Milhares de foliões cobertos de lama tomaram a Avenida Augusto de Lima nesta segunda-feira (16), durante o desfile do Unidos do Barro Preto. Em meio ao barro, à batida forte e às fantasias que evocam cenários distópicos, o bloco mais uma vez fez do Carnaval um território de crítica, memória e irreverência.
Com estética que mistura o mangue beat, de Chico Science e Nação Zumbim, ao imaginário pós-apocalíptico de Mad Max: Fury Road, o cortejo une som pesado, discurso urbano e performance visual marcante. O resultado é um desfile que foge do óbvio e provoca o público a refletir enquanto celebra.
Mais que tradicional, o UBP lança, em meio a festa de rua, um olhar sobre a história de Belo Horizonte.
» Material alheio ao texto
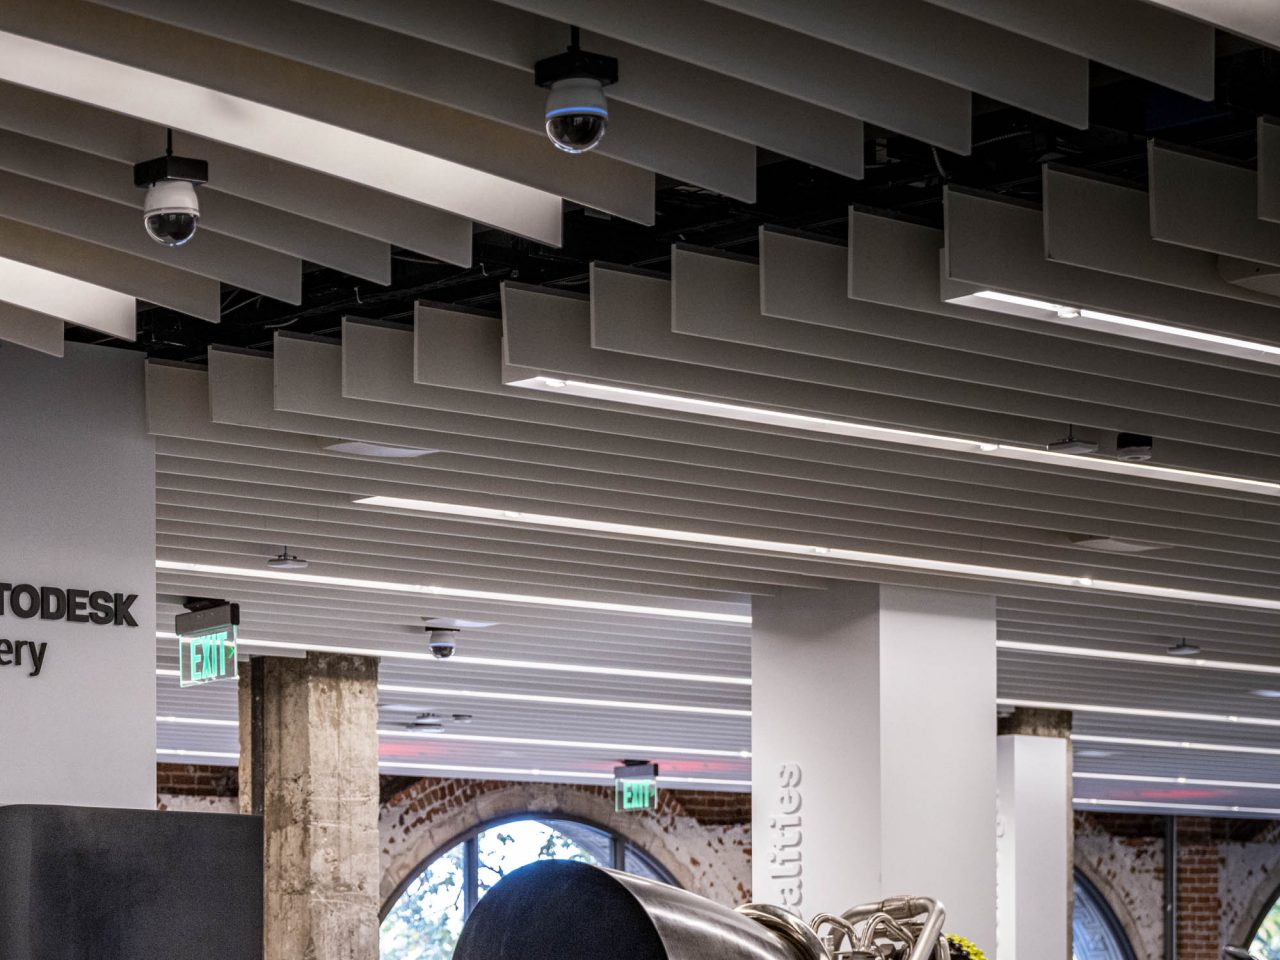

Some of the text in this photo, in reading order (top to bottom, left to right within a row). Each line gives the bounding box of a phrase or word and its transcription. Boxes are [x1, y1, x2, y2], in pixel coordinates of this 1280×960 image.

No início do século passado, o Barro Preto, bairro que dá nome ao bloco e hoje constitui um polo de moda na capital mineira, era conhecido por ser uma região cujo solo oferecia uma argila escura usada na construção de casebres.
Diante disso, desde o ano de sua formação, em 2011, o grupo disponibiliza baldes de barro pelo desfile para que os foliões possam se sujar à vontade e entrar no clima da festa.